The role of germinal centers in T cell receptor revision (160.10)

Abstract

Abstract CD4+ T cells in Vβ5 transgenic mice become tolerant to an endogenous superantigen through either deletion or T cell receptor (TCR) revision. In the revision process, T cells downregulate surface Vβ5 expression and undergo RAG-mediated rearrangement and expression of endogenous TCRs. Revision occurs in germinal centers (GCs), suggesting that revising T cells may be follicular helper T cells (Tfh). We are studying whether revising T cells have a Tfh phenotype and whether GC interactions are required for revision. Preliminary data indicate that revising T cells have an RNA phenotype closely resembling that of Tfh and distinct from that of post-revision T cells. Studies on the intracellular and surface phenotype of revising and post-revision T cells are ongoing. The importance of GCs to TCR revision is being analyzed using SAP and CXCR5 null mice.
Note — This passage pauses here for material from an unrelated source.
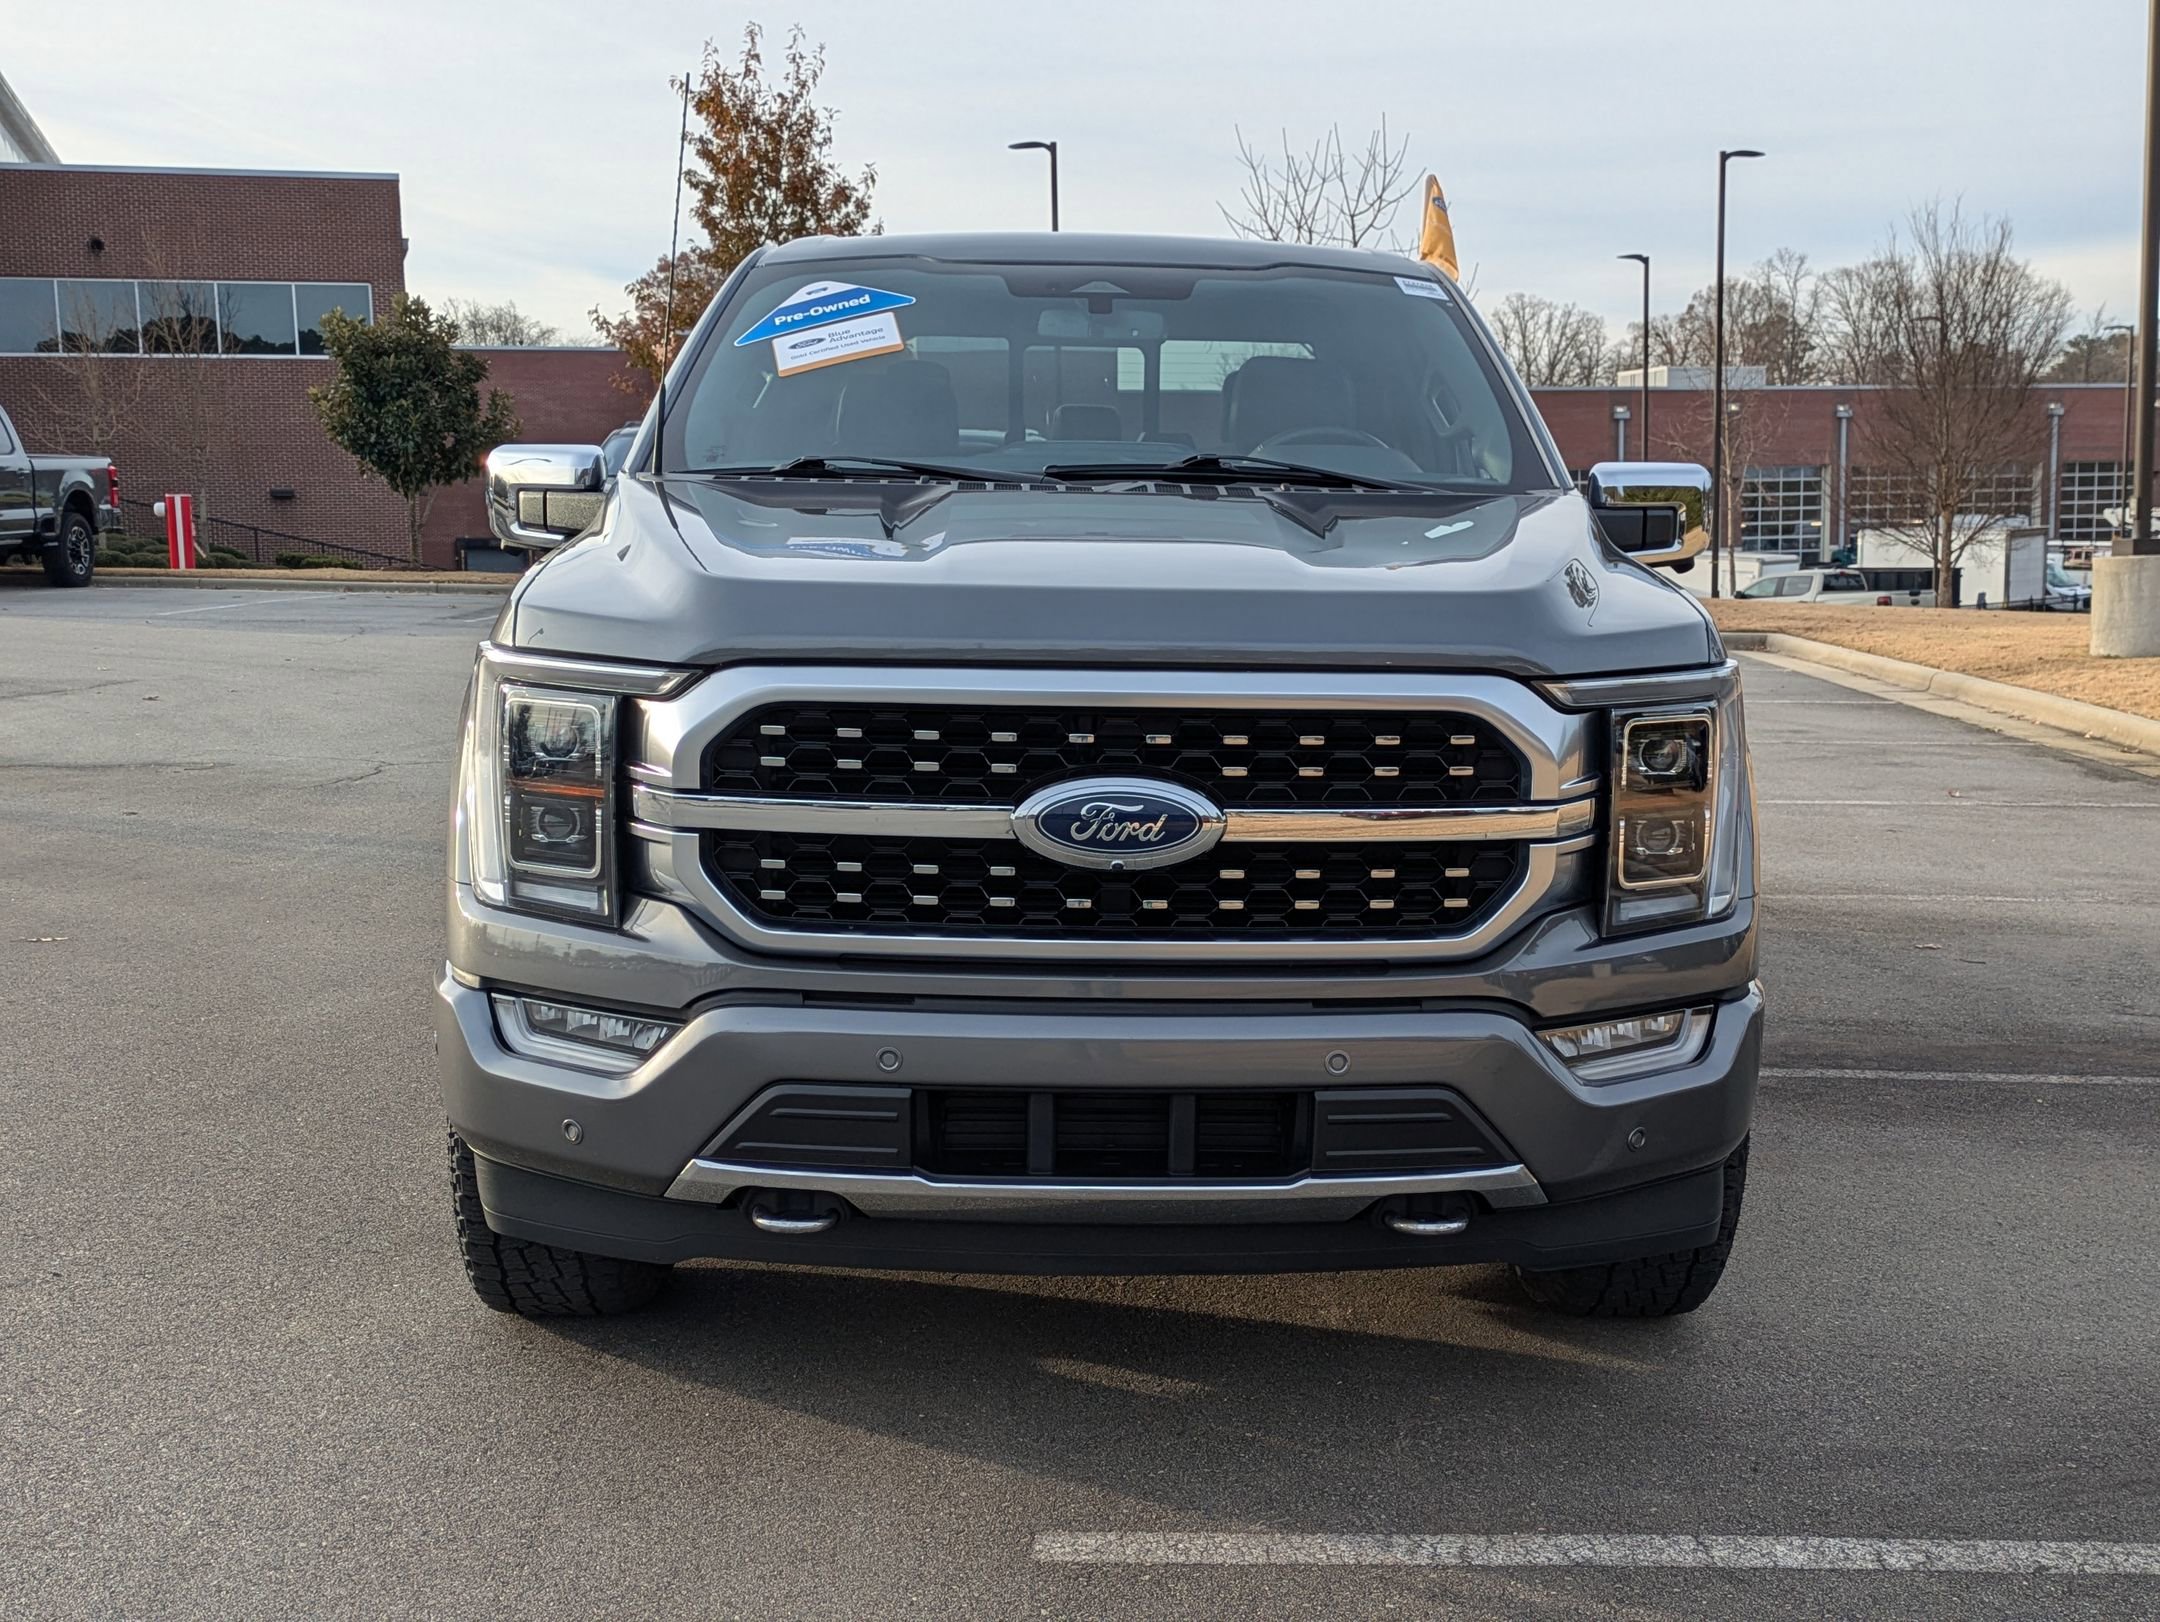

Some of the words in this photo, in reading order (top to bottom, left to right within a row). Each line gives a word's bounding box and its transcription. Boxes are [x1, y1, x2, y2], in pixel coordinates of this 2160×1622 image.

SAP is required for prolonged interactions of B and T cells in the GC, and CXCR5 is required for cellular migration into the follicle. Analyses of mixed chimeras generated using CXCR5 null and wildtype bone marrow donors are ongoing. CXCR5 and SAP null mice have reduced numbers of post-revision T cells, but no reduction in revision intermediates. These results suggest that migration into the follicle and prolonged B-T cell interactions are both required for completion, but not initiation, of TCR revision.